Мне пришлось заняться подсчётами. Если рассчитывать на те деньги, которые я должен получить, начиная карьеру разносчика и раскладчика, и на деньги, приходящие за краснодарскую квартиру, – жить на этот ворох можно было довольно безбедно. Да только вот не жить, а существовать. Опять дудочка и кувшинчик. Либо у меня не будет времени, либо денег. Стоп-стоп… Я как-то забыл про М-ск. Тамошнюю квартиру тоже можно было бы сдать, хотя и за меньшие деньги. И денег за две квартиры мне хватит точно. Хорошо иногда, пусть и безосновательно, почувствовать себя Ротшильдом.

В общем, так: на краснодарские деньги надо будет съездить в М-ск, заплатить долги коммунальным службам и сдать квартиру хотя бы до конца лета. На деньги же заработанные жить до отъезда в М-ск. Если всё это провернуть во второй половине мая, то с июня можно переехать от Паши и снова начинать беззаботную жизнь на деньги теперь уже от двух квартир. Спасибо бабке! Я только теперь в полной мере оценил оставленное мне богатство.

Я повеселел. Моя газетная каторга будет длиться не больше месяца. Всё, что было надо, – потерпеть. Потерпеть много неприятных вещей, связанных не только с работой, но и с проживанием. Вот с завтрашнего дня и начну…

Вечером я позвонил Верховенским. Я не придумал, что я скажу, подойди к телефону она – Оля.

– Серёжа! Привет. Тебе Артёма? Да, сейчас… – она сделала всё правильно. Она естественно обрадовалась моему звонку и не дала мне вставить какие-то слова, которые мог услышать хозяин (хозяин чего? Квартиры? Женщины?). Актрисой она была хорошей и рассудительной. Я даже улыбнулся её сообразительности.

– Ну что, жив? – иронично откликнулся Артём.

– А как же, – бодро подтвердил я, в первый раз разговаривая с Артёмом в другом, известном только мне статусе.

– Отпустили?

– Откуда ты знаешь? – удивился я.

– Да у тебя аппарат в больнице хрипел, а сейчас нормально слышно…

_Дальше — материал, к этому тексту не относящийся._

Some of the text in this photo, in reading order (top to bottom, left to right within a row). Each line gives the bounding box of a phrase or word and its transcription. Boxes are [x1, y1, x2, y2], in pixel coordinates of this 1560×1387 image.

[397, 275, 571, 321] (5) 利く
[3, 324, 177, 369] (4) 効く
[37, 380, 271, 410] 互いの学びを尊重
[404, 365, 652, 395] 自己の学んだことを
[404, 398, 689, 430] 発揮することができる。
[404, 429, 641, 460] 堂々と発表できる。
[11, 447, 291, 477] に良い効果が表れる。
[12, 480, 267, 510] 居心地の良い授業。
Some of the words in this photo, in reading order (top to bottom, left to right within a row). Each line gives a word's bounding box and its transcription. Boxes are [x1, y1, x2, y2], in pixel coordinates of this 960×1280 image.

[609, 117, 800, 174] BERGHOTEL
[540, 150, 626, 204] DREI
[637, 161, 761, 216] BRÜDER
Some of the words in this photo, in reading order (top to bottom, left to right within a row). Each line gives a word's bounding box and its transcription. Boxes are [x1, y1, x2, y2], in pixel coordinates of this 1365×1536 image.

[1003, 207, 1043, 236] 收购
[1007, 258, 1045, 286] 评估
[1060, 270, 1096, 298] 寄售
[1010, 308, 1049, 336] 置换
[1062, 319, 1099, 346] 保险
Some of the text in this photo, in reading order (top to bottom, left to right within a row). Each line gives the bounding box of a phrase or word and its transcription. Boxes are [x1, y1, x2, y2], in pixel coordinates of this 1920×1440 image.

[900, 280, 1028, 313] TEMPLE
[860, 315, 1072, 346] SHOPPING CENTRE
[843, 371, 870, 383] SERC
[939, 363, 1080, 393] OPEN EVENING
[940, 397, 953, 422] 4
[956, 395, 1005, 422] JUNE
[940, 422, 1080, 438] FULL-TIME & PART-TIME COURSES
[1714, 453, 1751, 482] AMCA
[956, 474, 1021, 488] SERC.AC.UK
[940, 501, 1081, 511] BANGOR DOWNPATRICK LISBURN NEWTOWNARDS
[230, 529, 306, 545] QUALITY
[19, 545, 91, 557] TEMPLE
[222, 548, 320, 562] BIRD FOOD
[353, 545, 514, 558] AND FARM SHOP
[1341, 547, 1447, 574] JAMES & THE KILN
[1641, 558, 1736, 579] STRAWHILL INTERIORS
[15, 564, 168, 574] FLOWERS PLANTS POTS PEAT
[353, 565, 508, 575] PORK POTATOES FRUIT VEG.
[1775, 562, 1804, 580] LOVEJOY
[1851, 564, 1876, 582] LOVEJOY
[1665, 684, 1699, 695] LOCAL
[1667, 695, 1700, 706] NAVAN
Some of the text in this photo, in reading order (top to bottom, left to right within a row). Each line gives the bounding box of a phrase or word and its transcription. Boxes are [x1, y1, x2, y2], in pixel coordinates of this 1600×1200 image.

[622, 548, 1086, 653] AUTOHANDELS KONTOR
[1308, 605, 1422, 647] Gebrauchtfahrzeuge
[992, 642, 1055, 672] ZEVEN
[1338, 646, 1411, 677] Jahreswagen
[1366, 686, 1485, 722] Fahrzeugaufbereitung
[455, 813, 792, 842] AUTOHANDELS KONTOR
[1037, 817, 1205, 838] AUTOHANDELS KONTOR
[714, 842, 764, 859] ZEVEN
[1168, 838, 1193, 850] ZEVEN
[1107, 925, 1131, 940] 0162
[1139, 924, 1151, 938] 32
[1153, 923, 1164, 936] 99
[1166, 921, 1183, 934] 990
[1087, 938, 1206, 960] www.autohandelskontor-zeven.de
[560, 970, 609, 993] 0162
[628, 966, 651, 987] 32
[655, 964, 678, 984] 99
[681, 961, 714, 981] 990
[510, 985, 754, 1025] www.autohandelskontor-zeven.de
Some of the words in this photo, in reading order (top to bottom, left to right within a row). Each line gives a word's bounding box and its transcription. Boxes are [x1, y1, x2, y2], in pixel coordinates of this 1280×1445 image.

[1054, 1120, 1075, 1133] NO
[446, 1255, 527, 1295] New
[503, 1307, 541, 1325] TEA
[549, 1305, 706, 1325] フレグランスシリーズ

– А-а… – я вдруг подумал, зачем звоню. Просто для того, чтобы сообщить о выписке?

– Артём, я хотел тебя поблагодарить…

– Иди ты, писатель! Ты лучше напиши что-нибудь в знак благодарности. Я почитаю…

– Договорились, – согласился я. – Всё тогда?

– Да! У меня материал не закончен, а завтра сдавать…

– Это тот?

– Да тот, тот… Ничего хорошего на ум не идёт.

– Как же, – говорю. – А знаменитый Степанцов?

– Разве что, – усмехнулся он. – Всё, давай!

– Пока, – повесил я трубку. Артём не дал мне договорить. Может, я хотел поблагодарить его за Олю? Ведь всё может быть?

Оля! От этого имени у меня теплело на сердце. Я вспоминал… Какое – вспоминал. Вспоминают то, что хоть на миг было позабыто, а эти поцелуи я не мог забыть. И мягкие губы… И сказанные ею слова…

В пятницу я пойду на её спектакль. В проходке не проставлено ничего, кроме даты. Я даже не знаю название спектакля. Пусть это будет для меня сюрпризом.